#### [Data extracted from a collection]
*** Begin section ***
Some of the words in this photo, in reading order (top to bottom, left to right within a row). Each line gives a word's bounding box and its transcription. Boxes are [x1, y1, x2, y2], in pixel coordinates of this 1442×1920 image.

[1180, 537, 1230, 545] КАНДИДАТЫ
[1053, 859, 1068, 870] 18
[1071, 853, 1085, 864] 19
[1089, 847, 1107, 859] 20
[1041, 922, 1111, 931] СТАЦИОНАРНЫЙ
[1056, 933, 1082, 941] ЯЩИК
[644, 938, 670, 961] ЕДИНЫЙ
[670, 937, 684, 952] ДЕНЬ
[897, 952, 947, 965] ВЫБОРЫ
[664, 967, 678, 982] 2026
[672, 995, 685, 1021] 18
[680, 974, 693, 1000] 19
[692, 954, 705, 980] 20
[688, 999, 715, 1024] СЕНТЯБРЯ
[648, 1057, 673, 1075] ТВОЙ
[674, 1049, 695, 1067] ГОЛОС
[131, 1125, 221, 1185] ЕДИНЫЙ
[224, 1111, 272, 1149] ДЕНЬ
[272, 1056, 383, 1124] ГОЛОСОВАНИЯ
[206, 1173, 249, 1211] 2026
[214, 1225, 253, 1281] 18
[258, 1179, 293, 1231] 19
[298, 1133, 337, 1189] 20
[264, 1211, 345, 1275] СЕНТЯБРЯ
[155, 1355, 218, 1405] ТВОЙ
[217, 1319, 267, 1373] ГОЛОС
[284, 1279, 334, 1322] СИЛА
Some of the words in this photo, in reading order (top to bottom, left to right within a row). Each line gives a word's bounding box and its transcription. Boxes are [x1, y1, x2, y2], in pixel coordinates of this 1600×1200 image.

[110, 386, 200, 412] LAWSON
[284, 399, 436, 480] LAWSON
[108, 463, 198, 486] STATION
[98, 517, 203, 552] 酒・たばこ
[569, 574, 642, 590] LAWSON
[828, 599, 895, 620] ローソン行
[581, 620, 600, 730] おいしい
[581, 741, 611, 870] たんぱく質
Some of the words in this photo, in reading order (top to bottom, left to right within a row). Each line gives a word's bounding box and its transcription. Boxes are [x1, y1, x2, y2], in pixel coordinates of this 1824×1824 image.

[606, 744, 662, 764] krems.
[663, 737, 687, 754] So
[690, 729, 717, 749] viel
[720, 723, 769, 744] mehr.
*** End section ***
Every word in the records must appear in your copy exactly as it does above.

#### [Answer section]
Some of the words in this photo, in reading order (top to bottom, left to right within a row). Each line gives a word's bounding box and its transcription. Boxes are [x1, y1, x2, y2], in pixel coordinates of this 1442×1920 image.

[1180, 537, 1230, 545] КАНДИДАТЫ
[1053, 859, 1068, 870] 18
[1071, 853, 1085, 864] 19
[1089, 847, 1107, 859] 20
[1041, 922, 1111, 931] СТАЦИОНАРНЫЙ
[1056, 933, 1082, 941] ЯЩИК
[644, 938, 670, 961] ЕДИНЫЙ
[670, 937, 684, 952] ДЕНЬ
[897, 952, 947, 965] ВЫБОРЫ
[664, 967, 678, 982] 2026
[672, 995, 685, 1021] 18
[680, 974, 693, 1000] 19
[692, 954, 705, 980] 20
[688, 999, 715, 1024] СЕНТЯБРЯ
[648, 1057, 673, 1075] ТВОЙ
[674, 1049, 695, 1067] ГОЛОС
[131, 1125, 221, 1185] ЕДИНЫЙ
[224, 1111, 272, 1149] ДЕНЬ
[272, 1056, 383, 1124] ГОЛОСОВАНИЯ
[206, 1173, 249, 1211] 2026
[214, 1225, 253, 1281] 18
[258, 1179, 293, 1231] 19
[298, 1133, 337, 1189] 20
[264, 1211, 345, 1275] СЕНТЯБРЯ
[155, 1355, 218, 1405] ТВОЙ
[217, 1319, 267, 1373] ГОЛОС
[284, 1279, 334, 1322] СИЛА
Some of the words in this photo, in reading order (top to bottom, left to right within a row). Each line gives a word's bounding box and its transcription. Boxes are [x1, y1, x2, y2], in pixel coordinates of this 1600×1200 image.

[110, 386, 200, 412] LAWSON
[284, 399, 436, 480] LAWSON
[108, 463, 198, 486] STATION
[98, 517, 203, 552] 酒・たばこ
[569, 574, 642, 590] LAWSON
[828, 599, 895, 620] ローソン行
[581, 620, 600, 730] おいしい
[581, 741, 611, 870] たんぱく質
Some of the words in this photo, in reading order (top to bottom, left to right within a row). Each line gives a word's bounding box and its transcription. Boxes are [x1, y1, x2, y2], in pixel coordinates of this 1824×1824 image.

[606, 744, 662, 764] krems.
[663, 737, 687, 754] So
[690, 729, 717, 749] viel
[720, 723, 769, 744] mehr.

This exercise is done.